Bahrein sustentou que a decisão britânica de 1939 deve ser vista inicialmente como uma sentença arbitral com força de coisa julgada. Ele defendeu a idéia que a Corte não tem competência para reexaminar a sentença tomada por um outro tribunal, invocando para tanto a jurisprudência da Corte Permanente de Justiça Internacional e da presente Corte. O Catar contestou a pertinência das sentenças às quais Bahrein se referiu. Ele afirmou o que segue:

“Nenhum desses casos apresenta a menor pertinência para a questão que a Corte deve dirimir na presente instância e que é a seguinte: os procedimentos tomados pelo governo britânico em 1938 e 1939 poderiam ser assimilados a um processo arbitral suscetível a chegar a uma sentença obrigatória para as partes ?”

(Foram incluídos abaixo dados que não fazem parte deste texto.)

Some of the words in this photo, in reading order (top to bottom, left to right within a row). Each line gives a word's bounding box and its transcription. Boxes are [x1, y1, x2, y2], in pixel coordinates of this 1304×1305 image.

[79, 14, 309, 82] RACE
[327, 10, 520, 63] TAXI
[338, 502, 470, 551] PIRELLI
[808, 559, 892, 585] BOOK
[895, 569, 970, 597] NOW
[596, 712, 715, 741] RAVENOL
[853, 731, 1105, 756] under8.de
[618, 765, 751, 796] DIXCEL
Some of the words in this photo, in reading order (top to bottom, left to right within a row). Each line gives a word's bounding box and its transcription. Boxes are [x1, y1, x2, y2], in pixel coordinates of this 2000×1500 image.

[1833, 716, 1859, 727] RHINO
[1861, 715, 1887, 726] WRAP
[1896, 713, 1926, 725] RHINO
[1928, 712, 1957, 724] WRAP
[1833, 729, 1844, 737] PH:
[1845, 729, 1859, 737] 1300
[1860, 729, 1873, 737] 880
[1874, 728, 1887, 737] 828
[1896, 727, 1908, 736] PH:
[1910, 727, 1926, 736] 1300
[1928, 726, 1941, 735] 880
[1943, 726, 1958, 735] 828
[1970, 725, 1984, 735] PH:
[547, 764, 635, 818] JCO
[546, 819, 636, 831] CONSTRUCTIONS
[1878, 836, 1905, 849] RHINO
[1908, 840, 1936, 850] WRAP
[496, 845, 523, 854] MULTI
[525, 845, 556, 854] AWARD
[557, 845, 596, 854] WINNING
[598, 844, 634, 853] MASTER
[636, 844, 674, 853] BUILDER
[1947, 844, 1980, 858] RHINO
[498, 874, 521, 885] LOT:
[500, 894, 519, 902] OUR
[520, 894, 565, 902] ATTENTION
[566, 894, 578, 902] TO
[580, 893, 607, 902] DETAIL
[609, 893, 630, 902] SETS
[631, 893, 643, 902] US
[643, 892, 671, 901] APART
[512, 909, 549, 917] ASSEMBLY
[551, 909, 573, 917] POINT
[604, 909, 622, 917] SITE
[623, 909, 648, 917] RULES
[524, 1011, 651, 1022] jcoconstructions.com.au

A Corte se inclinou primeiramente sobre a questão de saber se a decisão britânica de 1939 devia ser considerada como sendo uma sentença arbitral. Ela observou sobre esse assunto que em direito internacional público, a palavra arbitragem visa normalmente “a solução dos litígios entre os Estados por Juízes de sua escolha e com base no respeito ao direito” e que essa formulação foi reafirmada nos trabalhos da Comissão de Direito Internacional, que fizeram reserva ao caso no qual as partes concordem que a decisão solicitada deveria ser tomada ex æquo et bono. A Corte observou que no caso em particular não havia nenhum acordo entre as partes para se submeter a uma arbitragem proferida por Juízes de sua escolha e estatuindo pelo direito ou ex æquo et bono. As partes apenas concordaram que a questão seria tratada pelo “governo de Sua Majestade”, mas elas deixaram à apreciação desse último o cuidado de determinar como e por quais de seus funcionários essa decisão seria tomada. Assim, a decisão pela qual o governo britânico considerou em 1939 que as ilhas Hawar pertenciam a Bahrein, não constituía uma sentença arbitral internacional. A Corte declarou que não deve, por conseguinte, examinar a tese de Bahrein sobre sua competência para conhecer da validade de sentenças arbitrais.

A Corte observou, contudo, que o fato de uma decisão não ser uma sentença arbitral não implica que essa decisão seja desprovida de efeitos jurídicos. Para apreciar qual é o efeito jurídico da decisão britânica de 1939, a Corte relembrou os eventos que a precederam e os que ocorreram imediatamente após a sua adoção. A Corte passou em seguida ao exame da argumentação sobre a qual o Catar se apoiou para contestar a validade da decisão britânica de 1939.

O Catar sustentou, em primeiro lugar, jamais ter consentido com que a questão das ilhas Hawar fosse resolvida pelo governo britânico.

A Corte ressaltou, contudo, que após a Troca de Cartas de 10 de maio e 20 de maio de 1938, o soberano do Catar havia aceitado em 27 de maio de 1938 confiar ao governo britânico o cuidado de decidir a questão das ilhas Hawar. Ele apresentou no mesmo dia sua queixa ao Agente Político Britânico. Enfim aceitou, como o soberano de Bahrein, participar do processo que devia levar à decisão de 1939. A competência do governo britânico para tomar a decisão concernente às ilhas Hawar decorria desse duplo consentimento; a Corte não devia examinar se, na ausência de tal consentimento, o governo britânico teria sido autorizado a fazê-lo em virtude dos tratados que tornavam Bahrein e Catar Estados protegidos pela Grã-Bretanha.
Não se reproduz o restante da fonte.